Task input: Begin
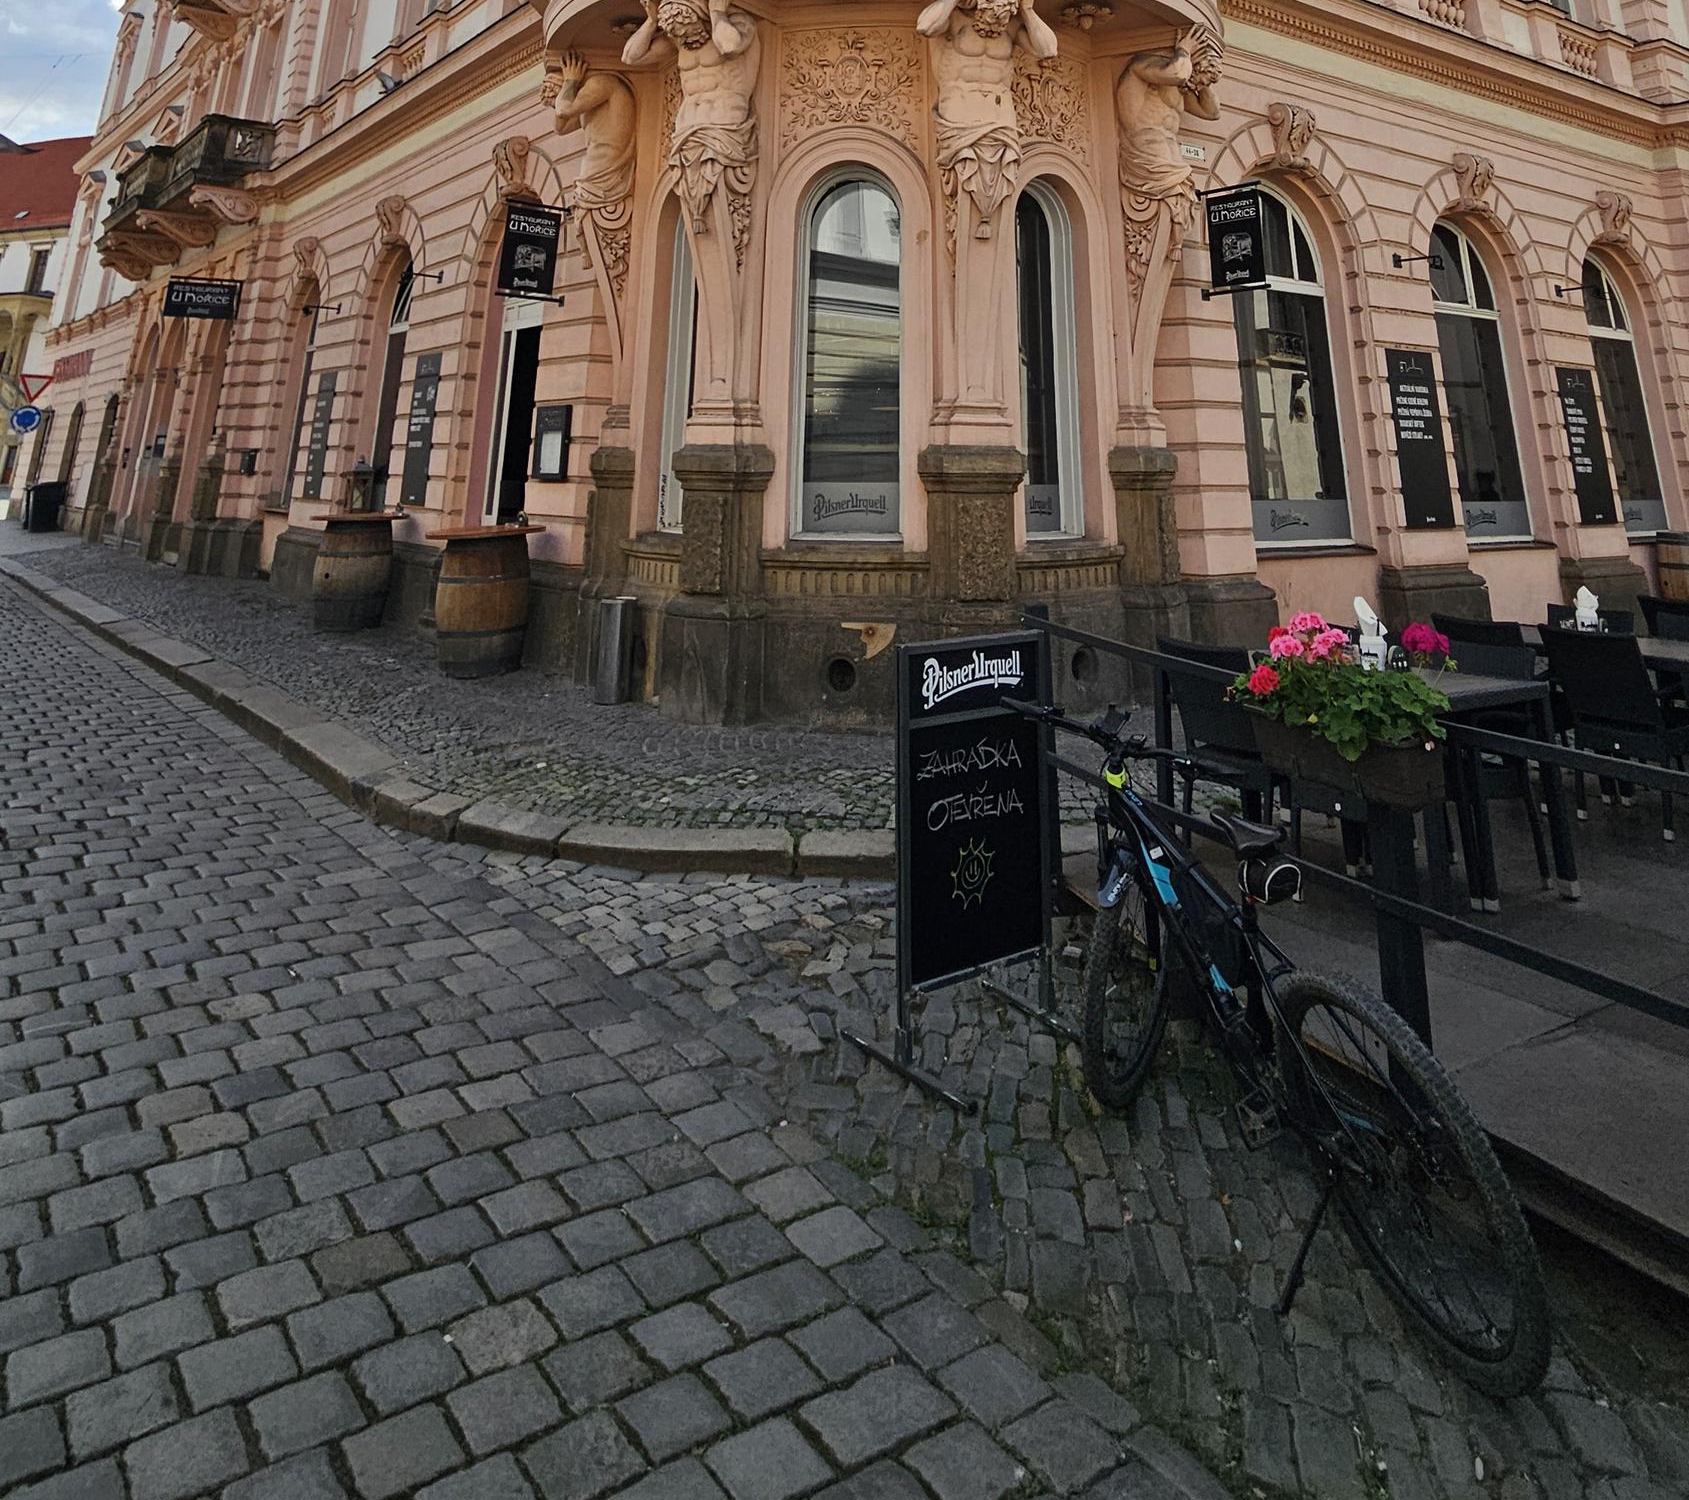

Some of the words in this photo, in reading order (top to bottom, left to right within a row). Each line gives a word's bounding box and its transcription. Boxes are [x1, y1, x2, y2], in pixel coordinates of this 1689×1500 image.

[1210, 199, 1254, 212] RESTAURANT
[510, 213, 555, 226] RESTAURANT
[1211, 211, 1219, 222] U
[509, 220, 518, 230] U
[171, 291, 182, 302] U
[813, 493, 851, 521] Pilsner
[921, 657, 976, 710] Pilsner
[916, 737, 1022, 781] ZAHRÁDKA
[927, 780, 1024, 831] OTEVŘENA
Task input: End
→ Aim of the task: If a picture appears in the data, omit it; transcribe all the rest exactly.

→ Result:
Some of the words in this photo, in reading order (top to bottom, left to right within a row). Each line gives a word's bounding box and its transcription. Boxes are [x1, y1, x2, y2], in pixel coordinates of this 1689×1500 image.

[1210, 199, 1254, 212] RESTAURANT
[510, 213, 555, 226] RESTAURANT
[1211, 211, 1219, 222] U
[509, 220, 518, 230] U
[171, 291, 182, 302] U
[813, 493, 851, 521] Pilsner
[921, 657, 976, 710] Pilsner
[916, 737, 1022, 781] ZAHRÁDKA
[927, 780, 1024, 831] OTEVŘENA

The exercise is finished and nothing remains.